Observe que quando um cidadão agride o outro, ou mata o outro, normalmente o faz em função de alguma situação que considerou desrespeitosa, mesmo que a questão inicial tenha sido banal como um simples pisão no pé ou uma dívida de centavos. Em geral, a raiva que enlouquece a ponto de gerar a violência é conseqüência do nível de desrespeito envolvido na respectiva questão. Portanto, até mesmo um palavrão pode se transformar em desrespeito e produzir violência. Logo, a exploração, o calote, a prepotência, a traição, a infidelidade, a mentira etc., são atitudes de desrespeito e se não forem muito bem explicadas, e justificadas (com pedidos de desculpas e de arrependimento), certa mente que ao seu tempo resultarão em violências. É de desrespeito em desrespeito que as pessoas acumulam tensões nervosas que, mais tarde, explodem sob a forma de violência.
Sabendo-se que o desrespeito é o principal causador de violência, podemos então combater a violência diminuindo os diferentes tipos de desrespeito: seja o desrespeito econômico, o desrespeito social, o desrespeito conjugal, o desrespeito familiar e o desrespeito entre as pessoas (a “má educação”). Em termos pessoais, a melhor maneira de prevenir a violência é agir com o máximo de respeito diante de toda e qualquer situação. Em termos governamentais, as autoridades precisam estimular relacionamentos mais justos, menos vulgares e mais reverentes na nossa sociedade.
O governo precisa diminuir as explorações econômicas (as grandes diferenças de renda) e podar o excesso de “liberdades” principalmente na TV e no sistema educativo do país. A vulgaridade, praticada nos últimos anos vem destruindo valores morais e tornando as pessoas irresponsáveis, imprudentes, desrespeitadoras e inconseqüentes.
Por isso, precisamos, também, restabelecer a punição infanto-juvenil tanto em casa quanto na escola. Boa educação se faz com corretos deveres e não com direitos insensatos.
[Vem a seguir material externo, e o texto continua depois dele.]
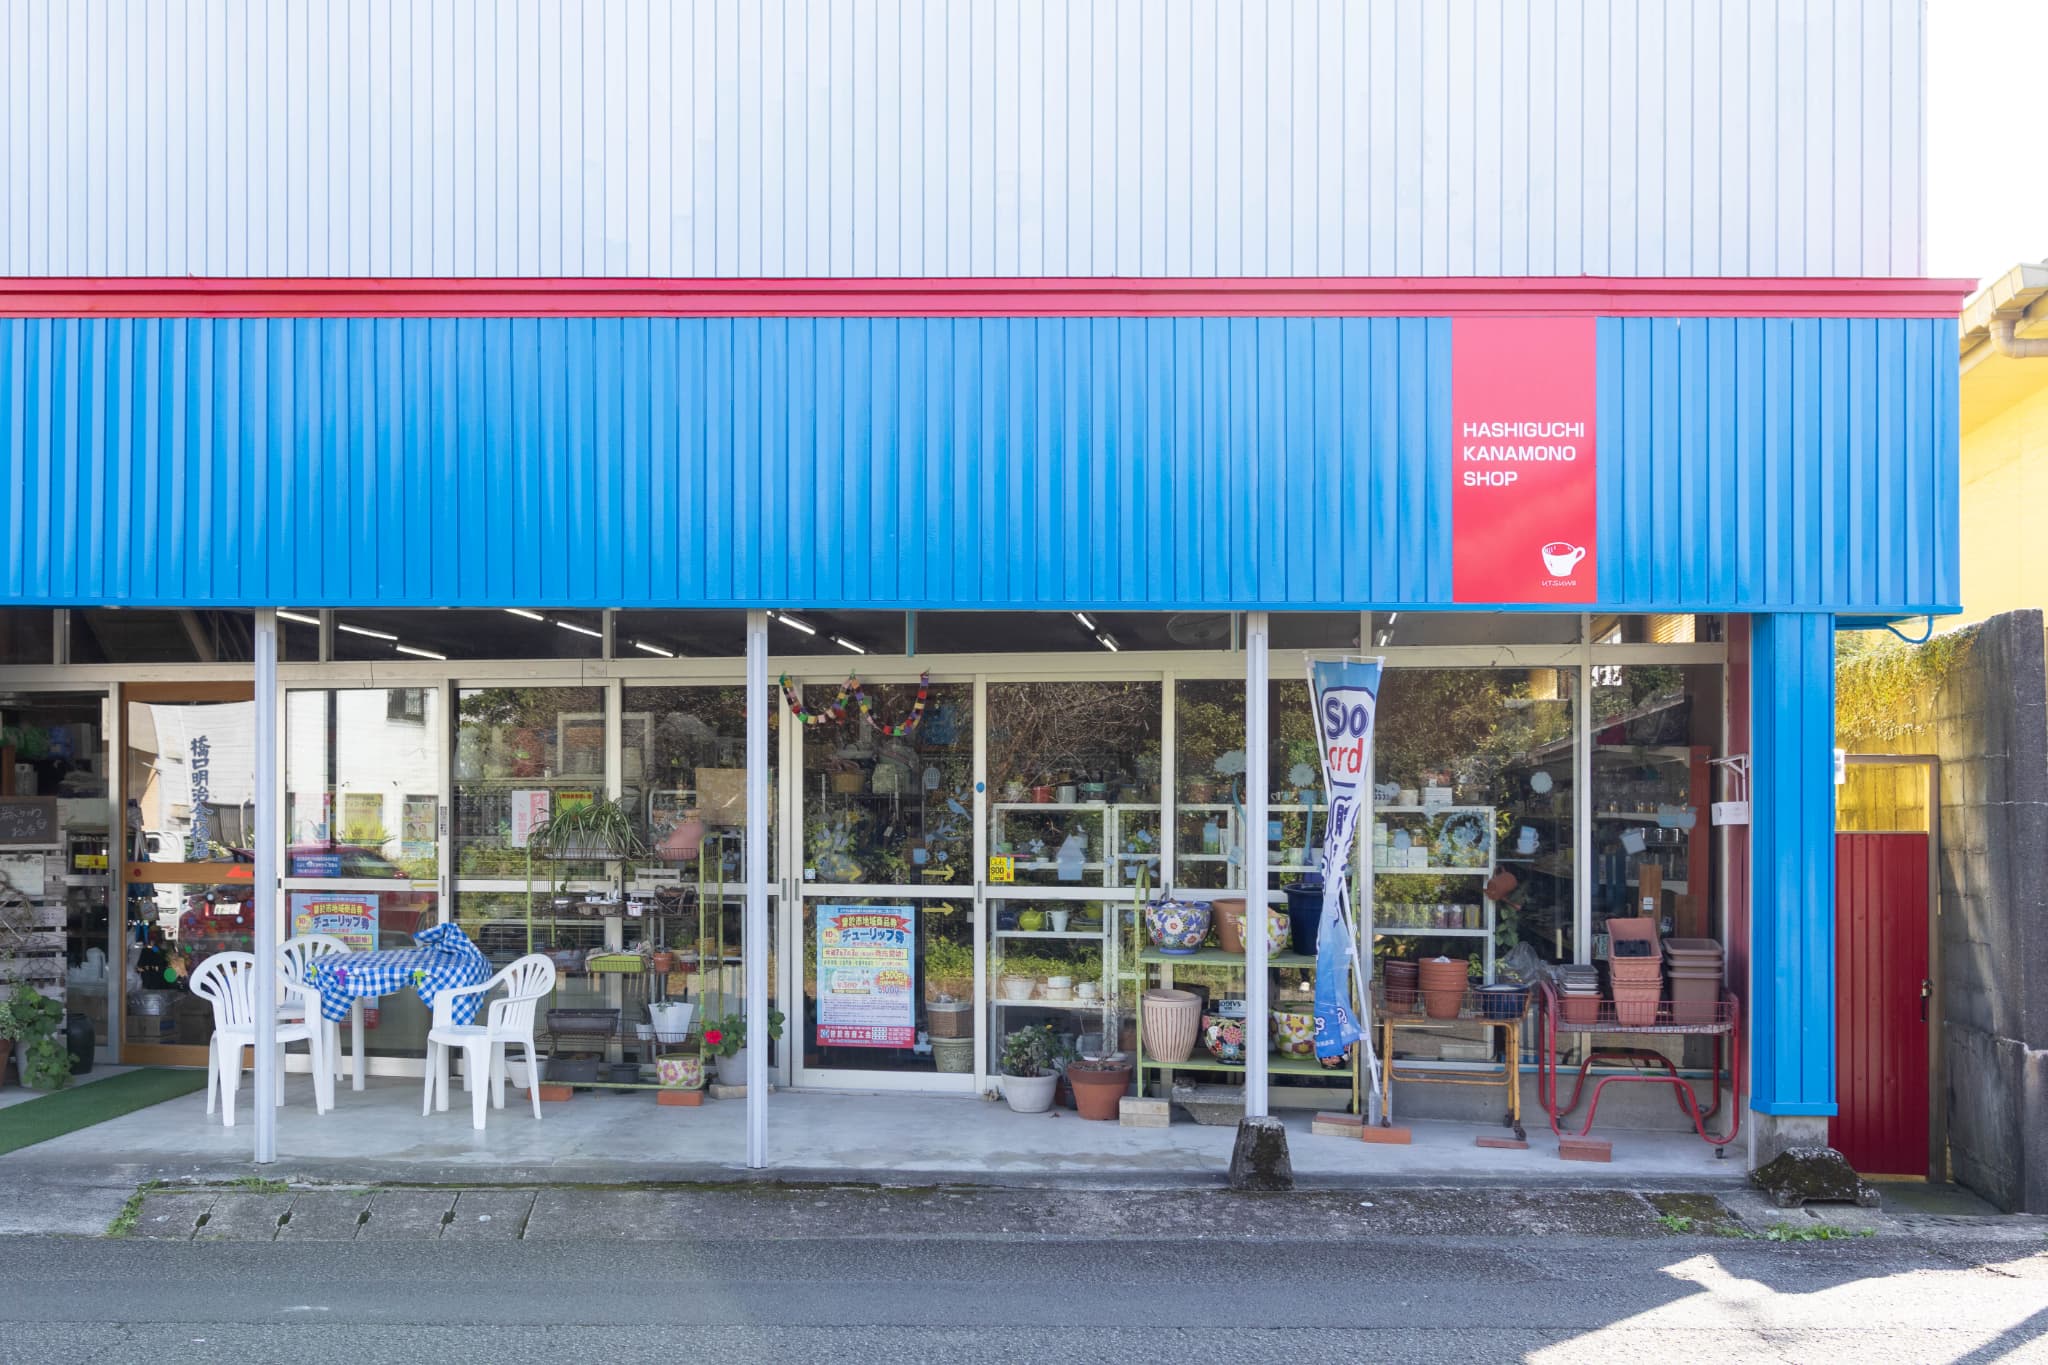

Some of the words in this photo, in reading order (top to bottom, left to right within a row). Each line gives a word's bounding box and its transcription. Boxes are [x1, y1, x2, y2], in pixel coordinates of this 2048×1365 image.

[1463, 422, 1585, 438] HASHIGUCHI
[1463, 446, 1577, 461] KANAMONO
[1463, 471, 1518, 486] SHOP
Precisamos educar nossos adolescentes com mais realismo e seriedade para mantê-los longe de problemas, fracassos, marginalidade e violência. Se diminuirmos os ilusórios direitos (causadores de rebeldias, prepotências e desrespeitos) e reforçarmos os deveres, o país não precisará colocar armas de guerra nas mãos da polícia para matar nossos jovens cidadãos (como tem acontecido tão freqüentemente).